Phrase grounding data
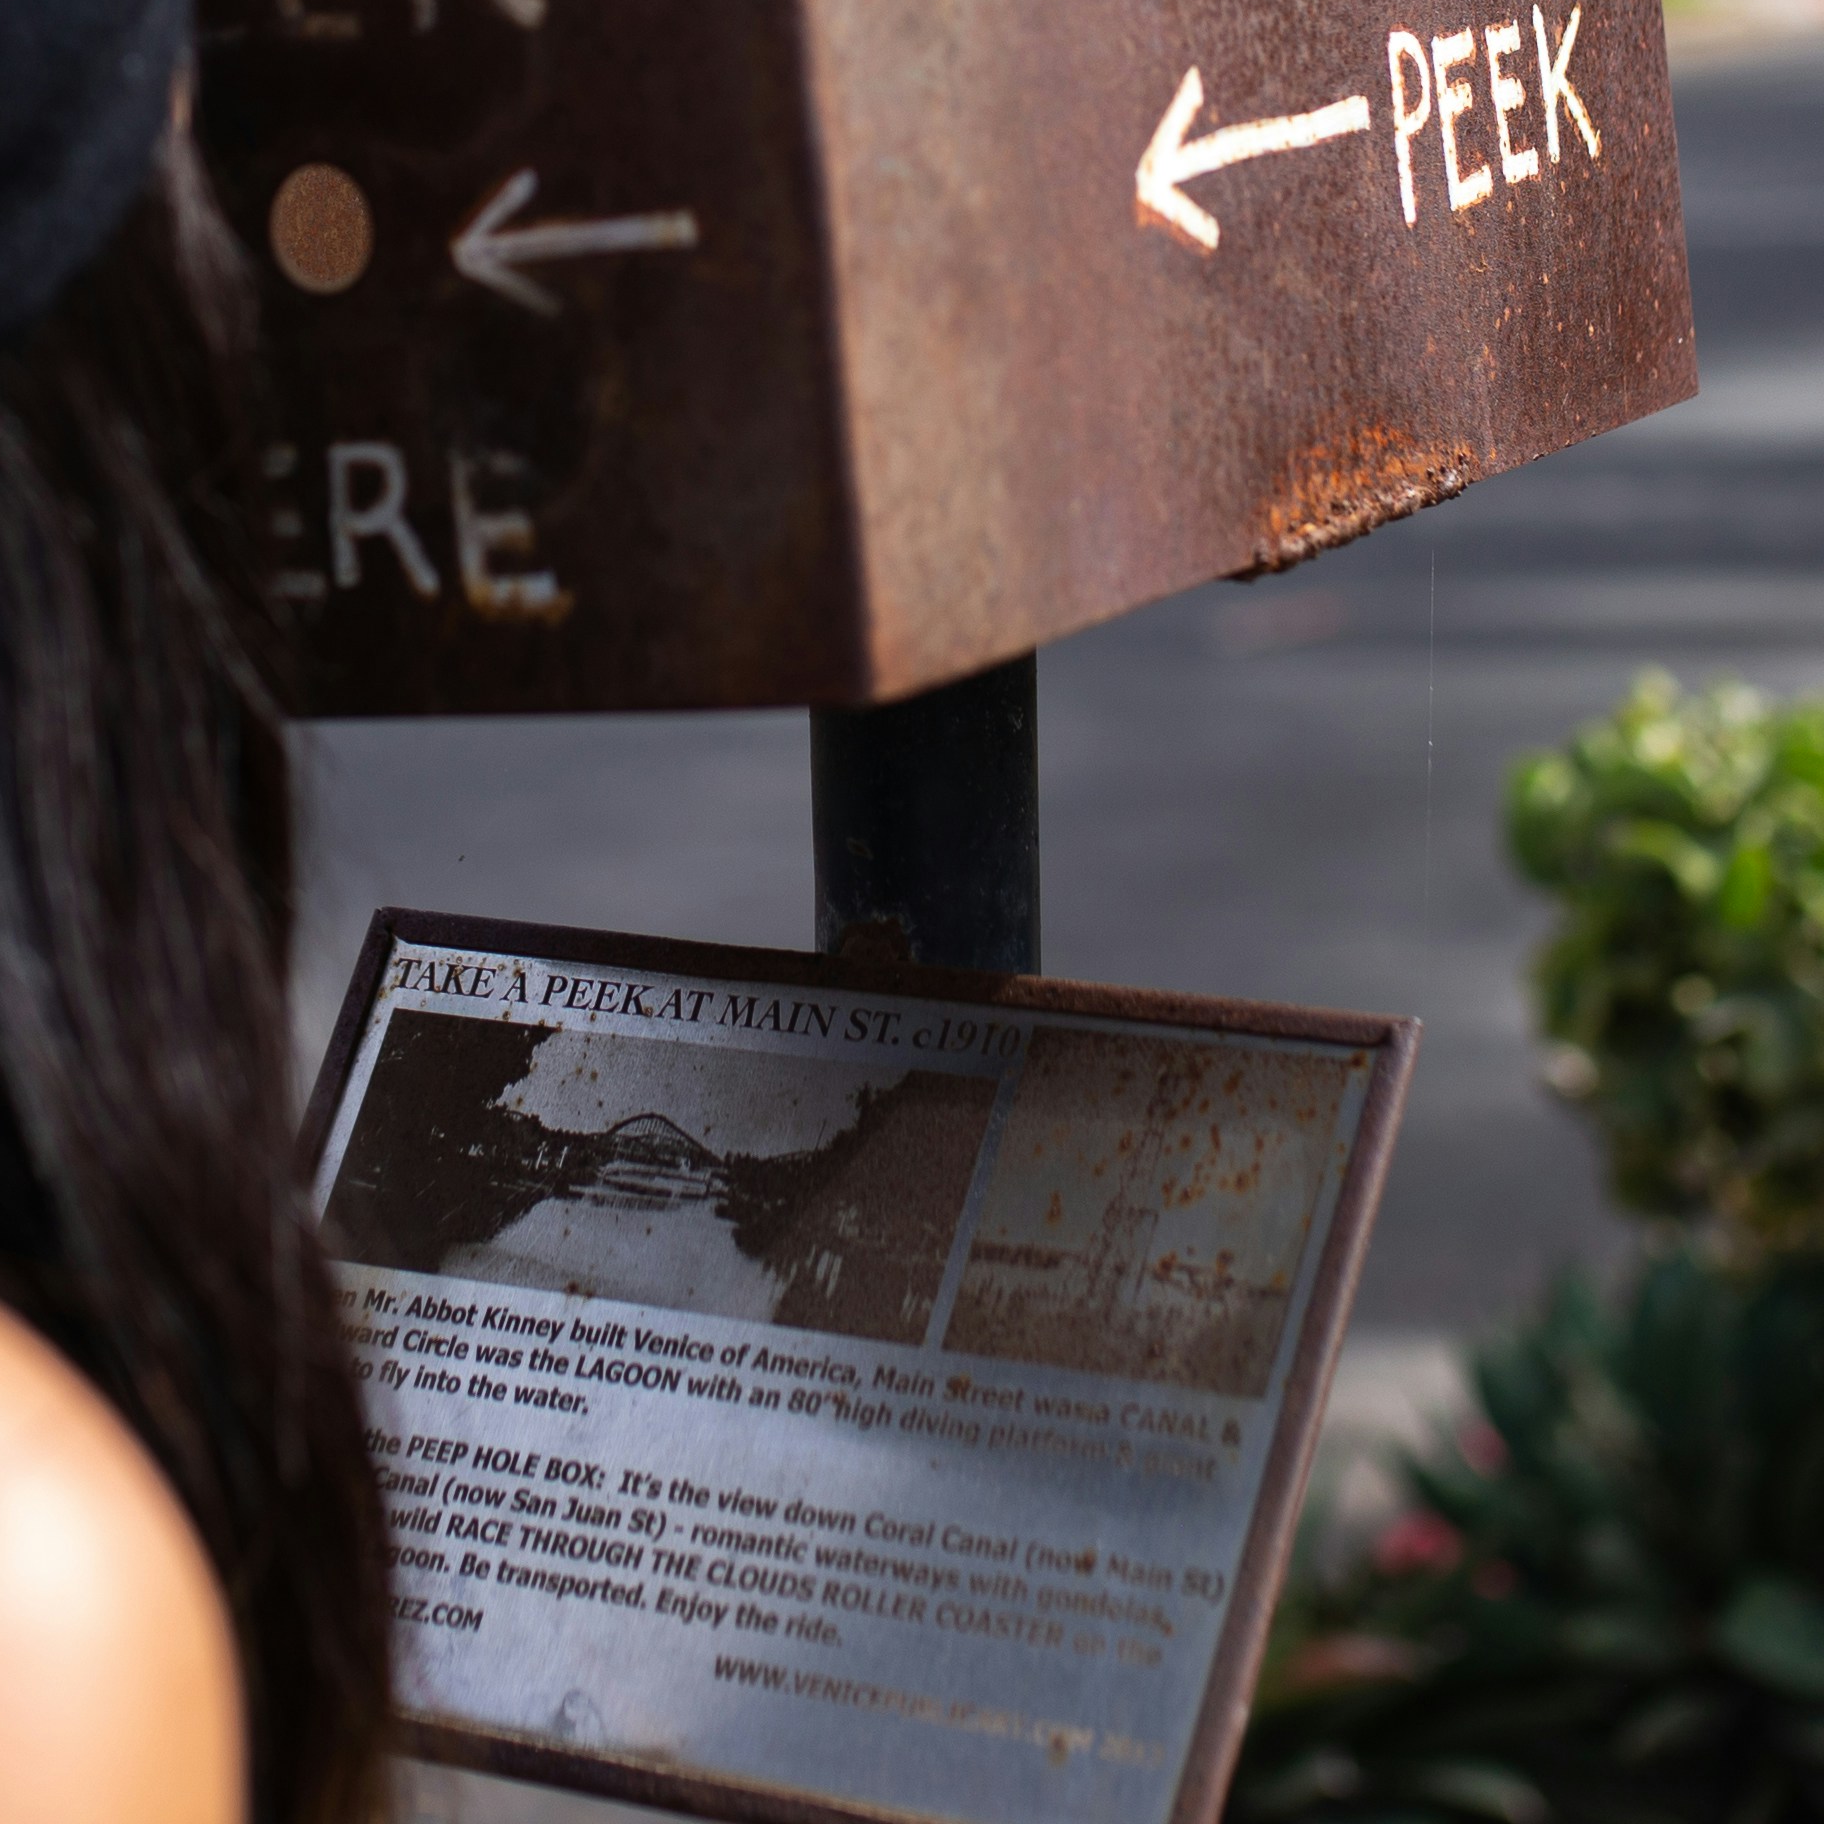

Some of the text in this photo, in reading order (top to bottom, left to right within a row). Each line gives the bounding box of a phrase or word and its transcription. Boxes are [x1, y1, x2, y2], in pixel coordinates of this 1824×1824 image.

[1388, 2, 1602, 227] PEEK
[262, 439, 564, 616] ERE
[395, 957, 1022, 1058] TAKE A PEEK AT MAIN ST. c1910
[339, 1324, 400, 1349] ward
[403, 1328, 470, 1360] Circle
[476, 1344, 524, 1368] was
[528, 1348, 569, 1375] the
[574, 1354, 682, 1394] LAGOON
[687, 1373, 742, 1405] with
[748, 1385, 781, 1410] an
[899, 1406, 981, 1445] diving
[351, 1356, 589, 1415] to fly into the water.
[363, 1288, 399, 1314] Mr.
[405, 1295, 478, 1327] Abbot
[481, 1305, 565, 1345] Kinney
[569, 1318, 628, 1349] built
[634, 1327, 714, 1363] Venice
[720, 1343, 750, 1367] of
[751, 1347, 862, 1390] America,
[872, 1364, 935, 1397] Main
[943, 1373, 1025, 1412] Street
[1119, 1400, 1209, 1441] CANAL
[363, 1428, 402, 1456] the
[405, 1434, 469, 1466] PEEP
[471, 1445, 540, 1478] HOLE
[543, 1457, 606, 1490] BOX:
[617, 1468, 663, 1500] It's
[668, 1478, 711, 1508] the
[717, 1487, 779, 1519] view
[783, 1498, 857, 1535] down
[864, 1510, 936, 1550] Coral
[941, 1525, 1020, 1562] Canal
[375, 1467, 440, 1498] Canal
[442, 1476, 507, 1509] (now
[510, 1488, 557, 1518] San
[561, 1497, 622, 1528] Juan
[627, 1507, 667, 1541] St)
[690, 1523, 809, 1563] romantic
[814, 1544, 961, 1592] waterways
[968, 1571, 1029, 1602] with
[381, 1546, 449, 1576] goon.
[459, 1551, 491, 1579] Be
[496, 1560, 647, 1609] transported.
[655, 1587, 728, 1630] Enjoy
[734, 1602, 779, 1634] the
[390, 1508, 443, 1534] wild
[445, 1514, 514, 1547] RACE
[518, 1525, 645, 1572] THROUGH
[651, 1547, 703, 1581] THE
[706, 1558, 817, 1602] CLOUDS
[821, 1579, 928, 1624] ROLLER
[935, 1600, 1065, 1648] COASTER
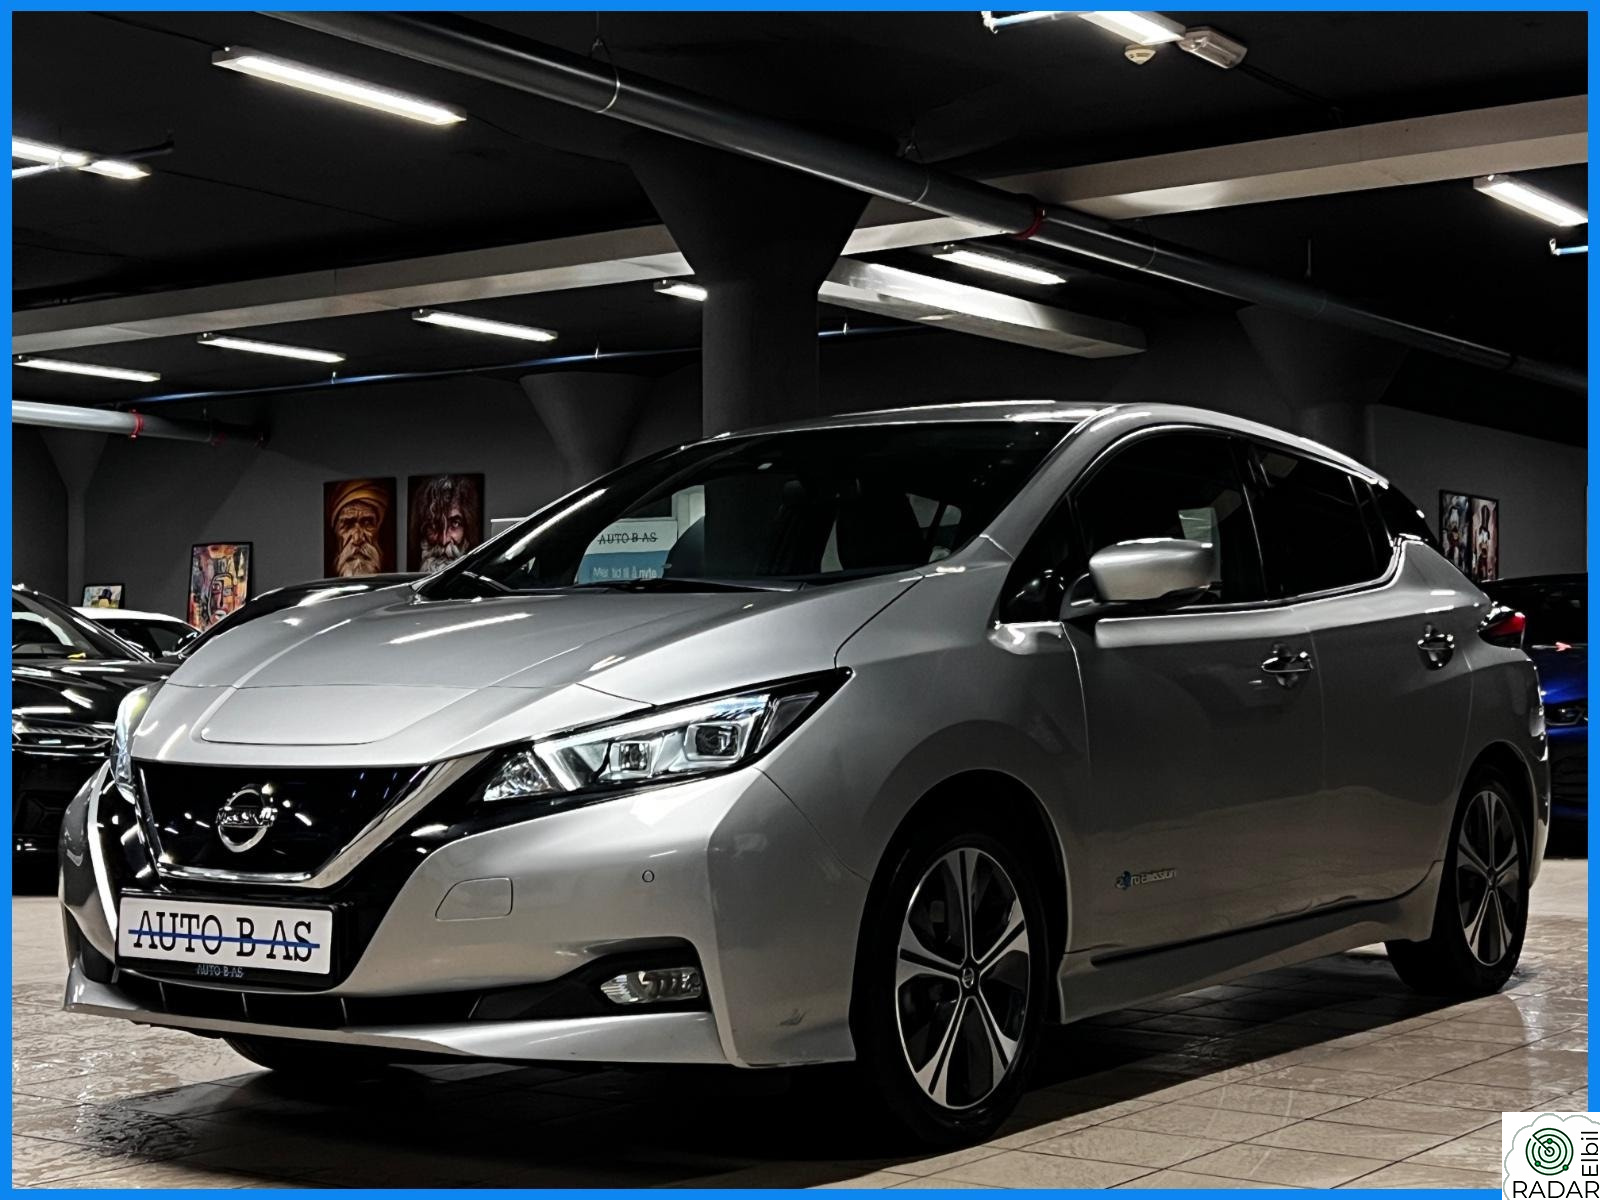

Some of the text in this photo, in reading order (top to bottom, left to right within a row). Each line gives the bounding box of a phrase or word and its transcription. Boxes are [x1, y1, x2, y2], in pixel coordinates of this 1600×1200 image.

[598, 532, 657, 545] AUTO B AS
[133, 910, 312, 962] AUTO B AS
[196, 964, 244, 978] AUTO B AS

# WORK INSTRUCTIONS:
Give every entry back unchanged, with no pictures.

# EXERCISE SOLUTION:
Some of the text in this photo, in reading order (top to bottom, left to right within a row). Each line gives the bounding box of a phrase or word and its transcription. Boxes are [x1, y1, x2, y2], in pixel coordinates of this 1824×1824 image.

[1388, 2, 1602, 227] PEEK
[262, 439, 564, 616] ERE
[395, 957, 1022, 1058] TAKE A PEEK AT MAIN ST. c1910
[339, 1324, 400, 1349] ward
[403, 1328, 470, 1360] Circle
[476, 1344, 524, 1368] was
[528, 1348, 569, 1375] the
[574, 1354, 682, 1394] LAGOON
[687, 1373, 742, 1405] with
[748, 1385, 781, 1410] an
[899, 1406, 981, 1445] diving
[351, 1356, 589, 1415] to fly into the water.
[363, 1288, 399, 1314] Mr.
[405, 1295, 478, 1327] Abbot
[481, 1305, 565, 1345] Kinney
[569, 1318, 628, 1349] built
[634, 1327, 714, 1363] Venice
[720, 1343, 750, 1367] of
[751, 1347, 862, 1390] America,
[872, 1364, 935, 1397] Main
[943, 1373, 1025, 1412] Street
[1119, 1400, 1209, 1441] CANAL
[363, 1428, 402, 1456] the
[405, 1434, 469, 1466] PEEP
[471, 1445, 540, 1478] HOLE
[543, 1457, 606, 1490] BOX:
[617, 1468, 663, 1500] It's
[668, 1478, 711, 1508] the
[717, 1487, 779, 1519] view
[783, 1498, 857, 1535] down
[864, 1510, 936, 1550] Coral
[941, 1525, 1020, 1562] Canal
[375, 1467, 440, 1498] Canal
[442, 1476, 507, 1509] (now
[510, 1488, 557, 1518] San
[561, 1497, 622, 1528] Juan
[627, 1507, 667, 1541] St)
[690, 1523, 809, 1563] romantic
[814, 1544, 961, 1592] waterways
[968, 1571, 1029, 1602] with
[381, 1546, 449, 1576] goon.
[459, 1551, 491, 1579] Be
[496, 1560, 647, 1609] transported.
[655, 1587, 728, 1630] Enjoy
[734, 1602, 779, 1634] the
[390, 1508, 443, 1534] wild
[445, 1514, 514, 1547] RACE
[518, 1525, 645, 1572] THROUGH
[651, 1547, 703, 1581] THE
[706, 1558, 817, 1602] CLOUDS
[821, 1579, 928, 1624] ROLLER
[935, 1600, 1065, 1648] COASTER

Some of the text in this photo, in reading order (top to bottom, left to right within a row). Each line gives the bounding box of a phrase or word and its transcription. Boxes are [x1, y1, x2, y2], in pixel coordinates of this 1600×1200 image.

[598, 532, 657, 545] AUTO B AS
[133, 910, 312, 962] AUTO B AS
[196, 964, 244, 978] AUTO B AS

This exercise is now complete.